■ **What is expected**: Repeat the records below verbatim.

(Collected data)
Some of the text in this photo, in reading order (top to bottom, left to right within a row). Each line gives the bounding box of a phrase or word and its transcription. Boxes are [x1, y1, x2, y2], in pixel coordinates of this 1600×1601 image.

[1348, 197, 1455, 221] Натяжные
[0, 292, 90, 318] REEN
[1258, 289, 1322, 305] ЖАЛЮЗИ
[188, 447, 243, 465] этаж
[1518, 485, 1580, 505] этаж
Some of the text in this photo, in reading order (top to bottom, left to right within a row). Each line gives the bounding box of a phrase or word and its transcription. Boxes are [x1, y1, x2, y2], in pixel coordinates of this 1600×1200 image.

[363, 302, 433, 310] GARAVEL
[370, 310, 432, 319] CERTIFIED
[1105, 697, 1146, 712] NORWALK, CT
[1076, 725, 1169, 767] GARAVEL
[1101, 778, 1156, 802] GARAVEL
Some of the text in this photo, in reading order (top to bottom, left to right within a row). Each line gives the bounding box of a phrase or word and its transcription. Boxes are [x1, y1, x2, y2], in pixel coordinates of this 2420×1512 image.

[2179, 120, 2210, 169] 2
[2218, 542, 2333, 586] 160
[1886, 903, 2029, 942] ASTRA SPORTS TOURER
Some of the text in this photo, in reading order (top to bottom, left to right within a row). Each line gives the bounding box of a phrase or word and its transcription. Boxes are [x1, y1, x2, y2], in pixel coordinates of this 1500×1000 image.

■ **Completed task**:
Some of the text in this photo, in reading order (top to bottom, left to right within a row). Each line gives the bounding box of a phrase or word and its transcription. Boxes are [x1, y1, x2, y2], in pixel coordinates of this 1600×1601 image.

[1348, 197, 1455, 221] Натяжные
[0, 292, 90, 318] REEN
[1258, 289, 1322, 305] ЖАЛЮЗИ
[188, 447, 243, 465] этаж
[1518, 485, 1580, 505] этаж
Some of the text in this photo, in reading order (top to bottom, left to right within a row). Each line gives the bounding box of a phrase or word and its transcription. Boxes are [x1, y1, x2, y2], in pixel coordinates of this 1600×1200 image.

[363, 302, 433, 310] GARAVEL
[370, 310, 432, 319] CERTIFIED
[1105, 697, 1146, 712] NORWALK, CT
[1076, 725, 1169, 767] GARAVEL
[1101, 778, 1156, 802] GARAVEL
Some of the text in this photo, in reading order (top to bottom, left to right within a row). Each line gives the bounding box of a phrase or word and its transcription. Boxes are [x1, y1, x2, y2], in pixel coordinates of this 2420×1512 image.

[2179, 120, 2210, 169] 2
[2218, 542, 2333, 586] 160
[1886, 903, 2029, 942] ASTRA SPORTS TOURER
Some of the text in this photo, in reading order (top to bottom, left to right within a row). Each line gives the bounding box of a phrase or word and its transcription. Boxes are [x1, y1, x2, y2], in pixel coordinates of this 1500×1000 image.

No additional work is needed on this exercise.